Medical causes of unexplained weight gain
Most weight gain is from energy imbalance — but when weight increases rapidly or steadily despite no dietary change, blood tests should look for these conditions:
1. TSH (Thyroid) — Most important first test
Hypothyroidism (underactive thyroid) is the most common hormonal cause of weight gain. A slow thyroid reduces metabolism — everything slows down, including calorie burning. Weight gain of 5–10 kg over months without explanation is a classic hypothyroid symptom. TSH above 4.5 mIU/L confirms hypothyroidism. Treatment with levothyroxine usually reverses some — but not all — of the weight gain.
2. Fasting Insulin + Blood Sugar — Insulin resistance
Insulin resistance (pre-diabetes) causes weight gain, especially around the abdomen. High insulin promotes fat storage. Fasting insulin above 15 µIU/mL with a normal or borderline fasting sugar = insulin resistance. This is extremely common in people with central obesity, PCOS, and family history of diabetes.

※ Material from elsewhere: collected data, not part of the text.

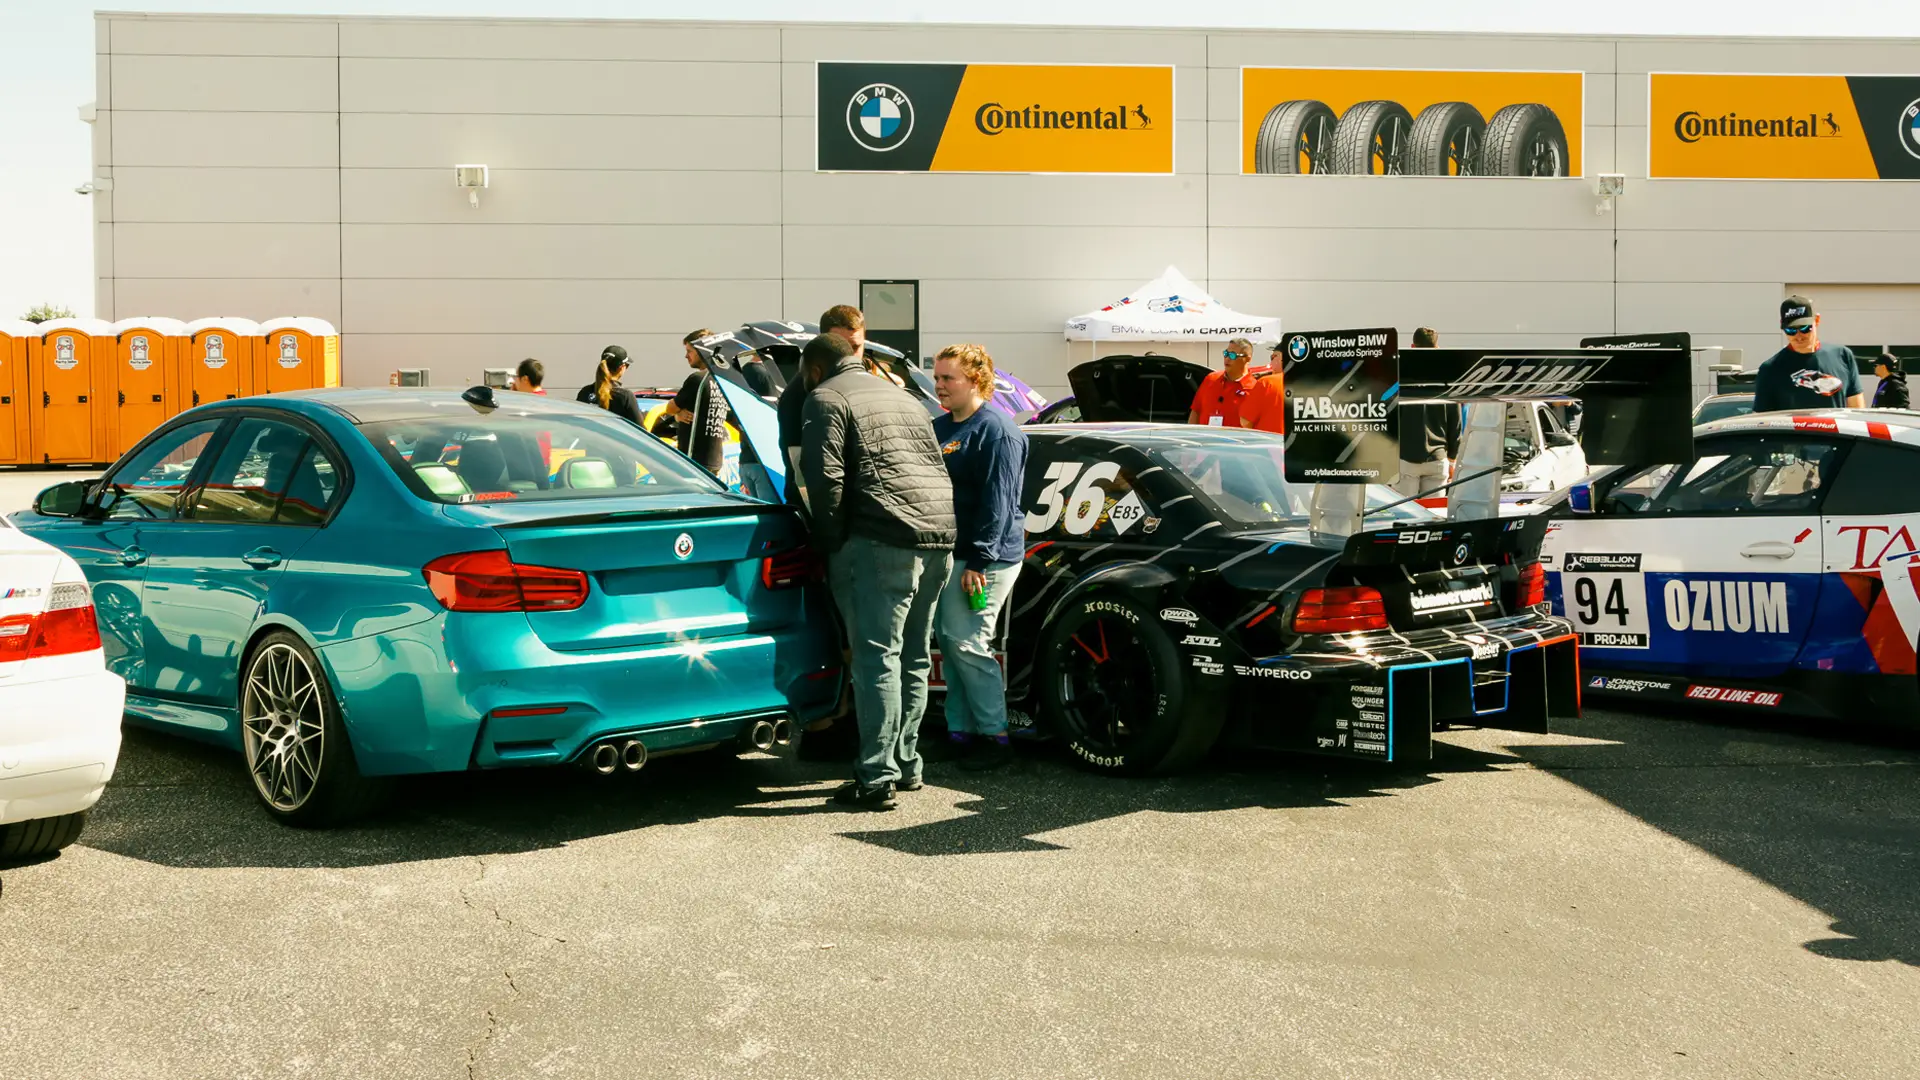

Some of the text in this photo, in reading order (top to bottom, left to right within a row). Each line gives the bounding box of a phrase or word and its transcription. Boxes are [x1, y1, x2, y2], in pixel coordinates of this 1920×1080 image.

[855, 86, 905, 107] BMW
[974, 102, 1128, 136] Continental
[1674, 111, 1818, 143] Continental
[1200, 326, 1262, 335] CHAPTER
[1311, 334, 1388, 349] Winslow BMW
[1316, 348, 1383, 359] of Colorado Springs
[1293, 393, 1388, 419] FABworks
[1294, 423, 1388, 432] MACHINE & DESIGN
[1023, 461, 1122, 536] 36
[1112, 505, 1140, 520] E85
[1398, 530, 1431, 544] 50
[1410, 581, 1494, 610] bimmerworld
[1575, 576, 1630, 626] 94
[1084, 600, 1140, 624] Hoosier
[1663, 579, 1790, 634] OZIUM
[1180, 635, 1222, 648] ATL
[1593, 634, 1638, 646] PRO-AM
[1246, 666, 1313, 680] HYPERCO
[1605, 683, 1645, 692] SUPPLY
[1610, 678, 1671, 690] JOHNSTONE
[1688, 685, 1779, 706] RED LINE OIL
[1069, 741, 1125, 767] Hoosier
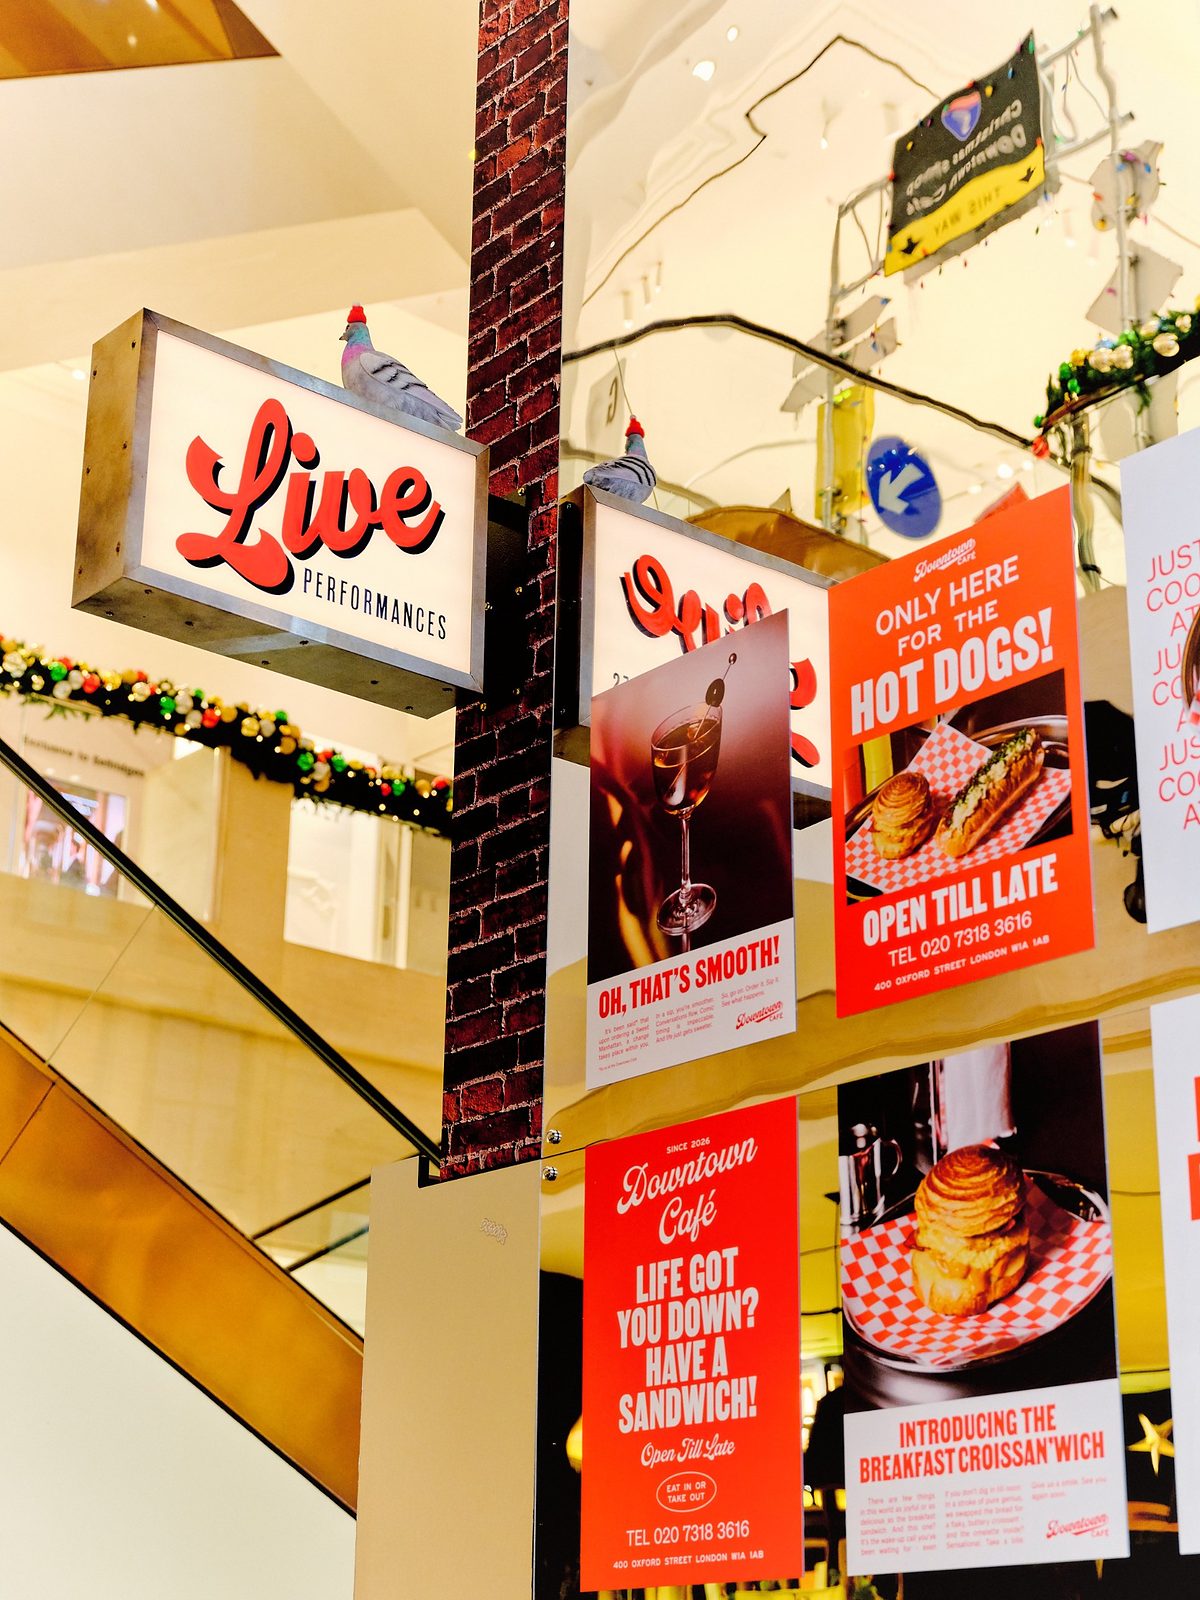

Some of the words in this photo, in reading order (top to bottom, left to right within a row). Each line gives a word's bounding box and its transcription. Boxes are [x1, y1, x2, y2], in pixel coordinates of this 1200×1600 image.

[176, 398, 446, 595] Live
[913, 537, 976, 583] Downtown
[303, 567, 447, 640] PERFORMANCES
[875, 587, 941, 636] ONLY
[950, 555, 1020, 607] HERE
[898, 623, 942, 657] FOR
[954, 599, 999, 632] THE
[851, 658, 924, 736] HOT
[934, 607, 1053, 705] DOGS!
[862, 894, 927, 947] OPEN
[931, 877, 988, 926] TILL
[993, 853, 1058, 909] LATE
[888, 946, 917, 967] TEL
[920, 935, 950, 958] 020
[954, 922, 991, 948] 7318
[994, 910, 1032, 937] 3616
[598, 986, 627, 1020] OH,
[629, 964, 690, 1009] THAT'S
[695, 935, 780, 989] SMOOTH!
[874, 980, 892, 991] 400
[895, 969, 930, 986] OXFORD
[934, 959, 966, 975] STREET
[970, 947, 1007, 965] LONDON
[735, 1000, 783, 1030] Downtown
[666, 1142, 688, 1154] SINCE
[691, 1136, 711, 1149] 2026
[617, 1136, 759, 1215] Downtown
[658, 1188, 717, 1245] Café
[636, 1257, 684, 1304] LIFE
[689, 1246, 739, 1294] GOT
[617, 1304, 661, 1349] YOU
[667, 1287, 759, 1341] DOWN?
[646, 1339, 706, 1387] HAVE
[712, 1336, 729, 1378] A
[618, 1375, 758, 1435] SANDWICH!
[899, 1409, 1017, 1448] INTRODUCING
[1021, 1404, 1056, 1433] THE
[641, 1441, 677, 1469] Open
[677, 1437, 703, 1463] Till
[703, 1433, 736, 1461] Late
[859, 1448, 955, 1484] BREAKFAST
[959, 1431, 1105, 1473] CROISSAN'WICH
[666, 1483, 680, 1493] EAT
[684, 1482, 692, 1491] IN
[695, 1481, 707, 1490] OR
[667, 1493, 686, 1503] TAKE
[689, 1492, 705, 1502] OUT
[626, 1529, 650, 1547] TEL
[654, 1526, 679, 1545] 020
[682, 1523, 713, 1542] 7318
[717, 1519, 750, 1539] 3616
[1046, 1513, 1109, 1539] Downtown
[613, 1559, 628, 1569] 400
[631, 1557, 661, 1568] OXFORD
[664, 1555, 692, 1565] STREET
[696, 1552, 728, 1564] LONDON

3. Hormone Panel for Women (PCOD/PCOS)
PCOS causes weight gain through insulin resistance and elevated androgens. LH:FSH ratio, testosterone, and AMH are the key tests. Weight gain in PCOS tends to be abdominal and is often resistant to dieting without addressing the underlying hormonal imbalance.
4. Cortisol (for Cushing's Syndrome)
Very high cortisol (Cushing's syndrome) causes rapid weight gain specifically in the face (moon face), upper back (buffalo hump) and abdomen — with thin arms and legs. Rare but important to rule out. A 24-hour urine cortisol or overnight dexamethasone suppression test screens for this.
5. Oedema causes — KFT, LFT, albumin
Sometimes apparent weight gain is actually fluid retention (oedema). Kidney disease (low albumin, protein loss), liver disease (cirrhosis, low albumin) and heart failure all cause fluid accumulation in tissues. If ankles and legs are swollen, check kidney and liver function tests.
Questions to ask your doctor
- Is my TSH normal — even a TSH of 3–4 mIU/L can cause symptoms in some people?
- Should I check fasting insulin to look for insulin resistance?
- Could my medication (antidepressants, steroids, antipsychotics) be causing the weight gain?
- Is any of this weight fluid retention rather than fat?